Task brief. Apart from the images, output the data below exactly.
─── Records for this task ───
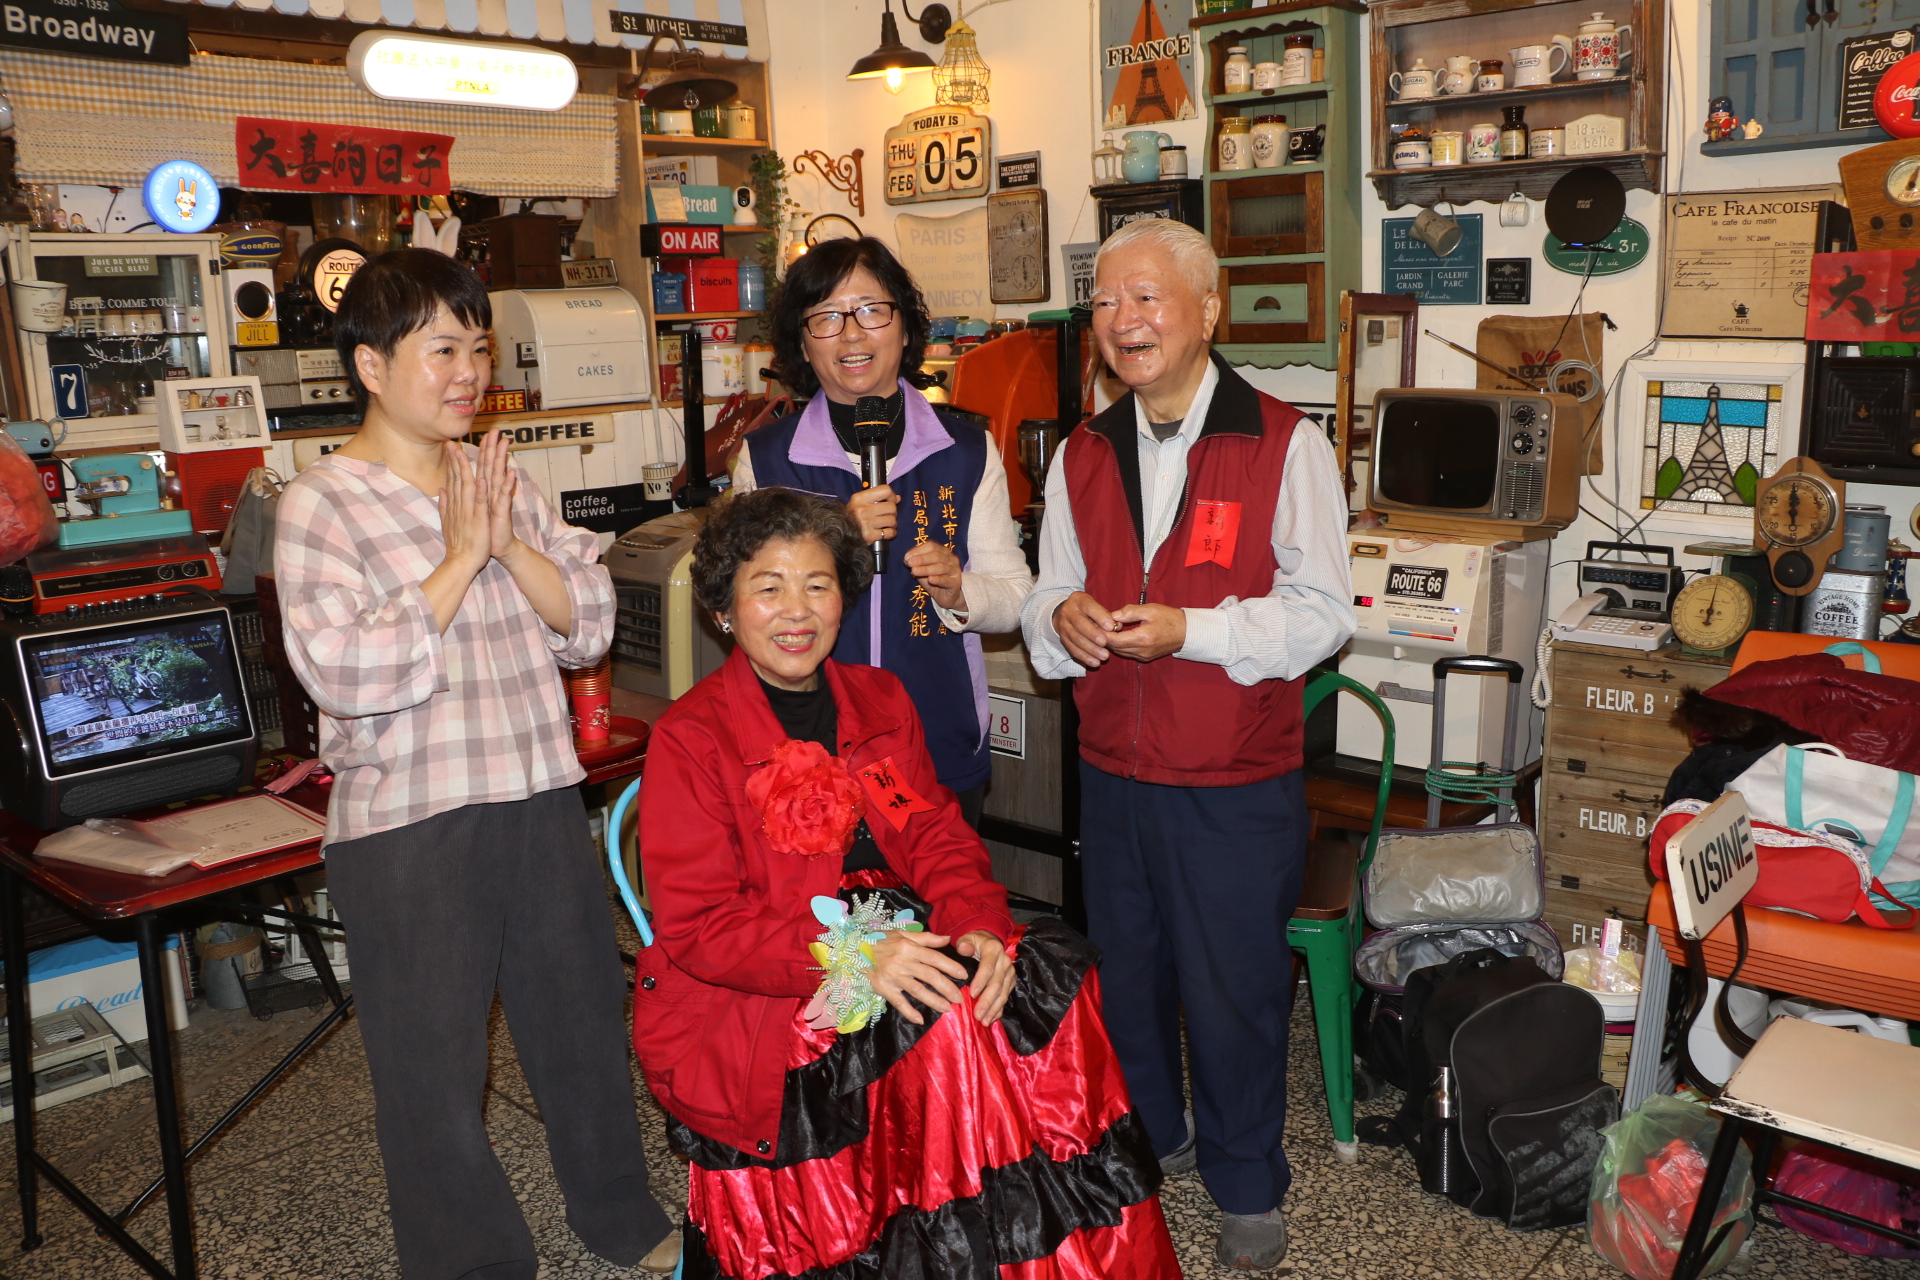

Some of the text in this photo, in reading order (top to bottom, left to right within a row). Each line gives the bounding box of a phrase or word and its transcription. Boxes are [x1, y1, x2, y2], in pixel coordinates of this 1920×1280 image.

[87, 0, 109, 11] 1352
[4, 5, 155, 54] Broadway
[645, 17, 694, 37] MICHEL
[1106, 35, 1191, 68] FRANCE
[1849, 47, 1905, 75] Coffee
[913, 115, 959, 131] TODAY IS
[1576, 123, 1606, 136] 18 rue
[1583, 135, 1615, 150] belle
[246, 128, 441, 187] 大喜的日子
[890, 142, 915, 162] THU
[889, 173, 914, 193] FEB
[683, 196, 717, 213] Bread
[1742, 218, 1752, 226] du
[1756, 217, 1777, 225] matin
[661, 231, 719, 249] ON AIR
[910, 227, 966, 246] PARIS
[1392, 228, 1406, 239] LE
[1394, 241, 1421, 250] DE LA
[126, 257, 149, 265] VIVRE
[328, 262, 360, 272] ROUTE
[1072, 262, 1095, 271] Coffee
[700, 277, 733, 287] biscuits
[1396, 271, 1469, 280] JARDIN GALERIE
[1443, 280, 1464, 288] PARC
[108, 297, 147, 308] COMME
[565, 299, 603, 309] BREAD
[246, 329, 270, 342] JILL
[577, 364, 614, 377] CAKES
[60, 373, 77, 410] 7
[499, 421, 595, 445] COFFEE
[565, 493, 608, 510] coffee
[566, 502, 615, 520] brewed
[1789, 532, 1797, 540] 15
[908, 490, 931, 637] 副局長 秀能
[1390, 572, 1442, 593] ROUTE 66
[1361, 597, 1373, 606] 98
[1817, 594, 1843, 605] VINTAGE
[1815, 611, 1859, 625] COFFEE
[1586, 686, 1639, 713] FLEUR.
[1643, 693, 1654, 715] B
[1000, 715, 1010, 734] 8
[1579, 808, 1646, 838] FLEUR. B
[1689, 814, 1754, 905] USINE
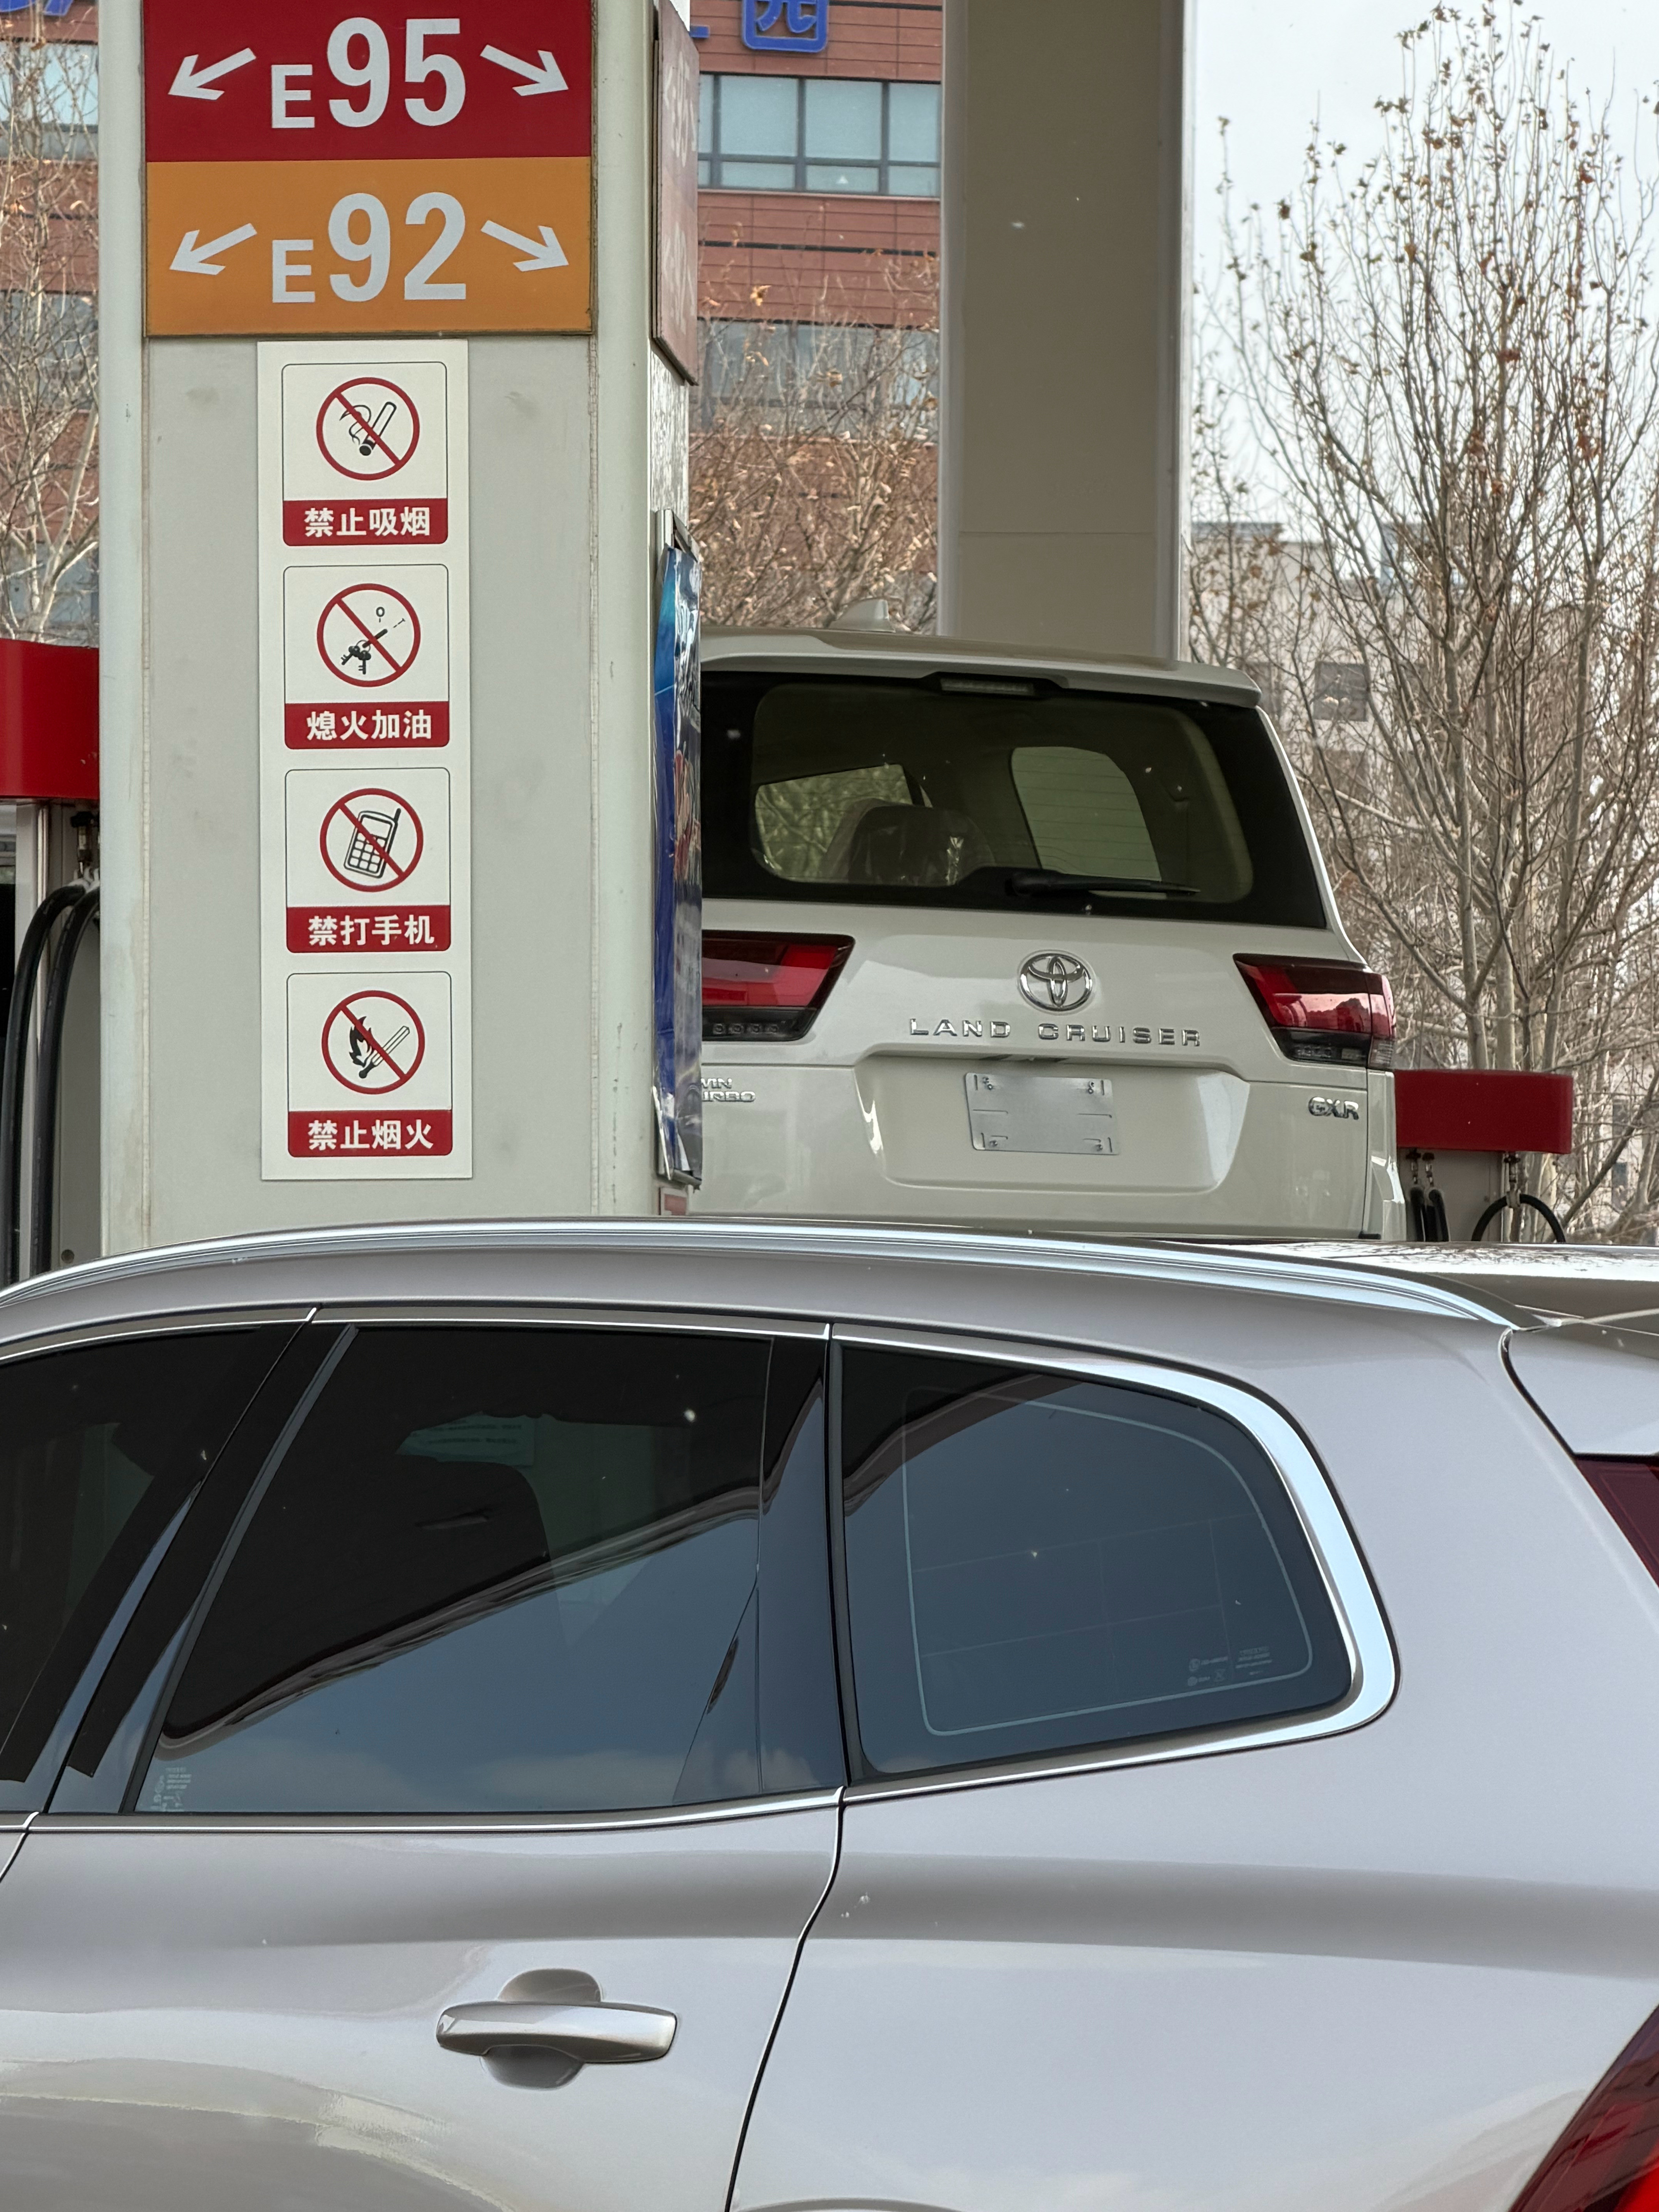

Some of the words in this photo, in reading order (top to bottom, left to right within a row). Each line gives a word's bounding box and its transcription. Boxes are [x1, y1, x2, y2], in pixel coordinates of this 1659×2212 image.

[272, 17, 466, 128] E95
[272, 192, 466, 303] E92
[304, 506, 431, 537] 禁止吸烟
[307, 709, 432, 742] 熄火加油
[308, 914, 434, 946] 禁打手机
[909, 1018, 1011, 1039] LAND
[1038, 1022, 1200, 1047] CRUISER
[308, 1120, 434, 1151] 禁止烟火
───
Task response.
Some of the text in this photo, in reading order (top to bottom, left to right within a row). Each line gives the bounding box of a phrase or word and its transcription. Boxes are [x1, y1, x2, y2], in pixel coordinates of this 1920×1280 image.

[87, 0, 109, 11] 1352
[4, 5, 155, 54] Broadway
[645, 17, 694, 37] MICHEL
[1106, 35, 1191, 68] FRANCE
[1849, 47, 1905, 75] Coffee
[913, 115, 959, 131] TODAY IS
[1576, 123, 1606, 136] 18 rue
[1583, 135, 1615, 150] belle
[246, 128, 441, 187] 大喜的日子
[890, 142, 915, 162] THU
[889, 173, 914, 193] FEB
[683, 196, 717, 213] Bread
[1742, 218, 1752, 226] du
[1756, 217, 1777, 225] matin
[661, 231, 719, 249] ON AIR
[910, 227, 966, 246] PARIS
[1392, 228, 1406, 239] LE
[1394, 241, 1421, 250] DE LA
[126, 257, 149, 265] VIVRE
[328, 262, 360, 272] ROUTE
[1072, 262, 1095, 271] Coffee
[700, 277, 733, 287] biscuits
[1396, 271, 1469, 280] JARDIN GALERIE
[1443, 280, 1464, 288] PARC
[108, 297, 147, 308] COMME
[565, 299, 603, 309] BREAD
[246, 329, 270, 342] JILL
[577, 364, 614, 377] CAKES
[60, 373, 77, 410] 7
[499, 421, 595, 445] COFFEE
[565, 493, 608, 510] coffee
[566, 502, 615, 520] brewed
[1789, 532, 1797, 540] 15
[908, 490, 931, 637] 副局長 秀能
[1390, 572, 1442, 593] ROUTE 66
[1361, 597, 1373, 606] 98
[1817, 594, 1843, 605] VINTAGE
[1815, 611, 1859, 625] COFFEE
[1586, 686, 1639, 713] FLEUR.
[1643, 693, 1654, 715] B
[1000, 715, 1010, 734] 8
[1579, 808, 1646, 838] FLEUR. B
[1689, 814, 1754, 905] USINE

Some of the words in this photo, in reading order (top to bottom, left to right within a row). Each line gives a word's bounding box and its transcription. Boxes are [x1, y1, x2, y2], in pixel coordinates of this 1659×2212 image.

[272, 17, 466, 128] E95
[272, 192, 466, 303] E92
[304, 506, 431, 537] 禁止吸烟
[307, 709, 432, 742] 熄火加油
[308, 914, 434, 946] 禁打手机
[909, 1018, 1011, 1039] LAND
[1038, 1022, 1200, 1047] CRUISER
[308, 1120, 434, 1151] 禁止烟火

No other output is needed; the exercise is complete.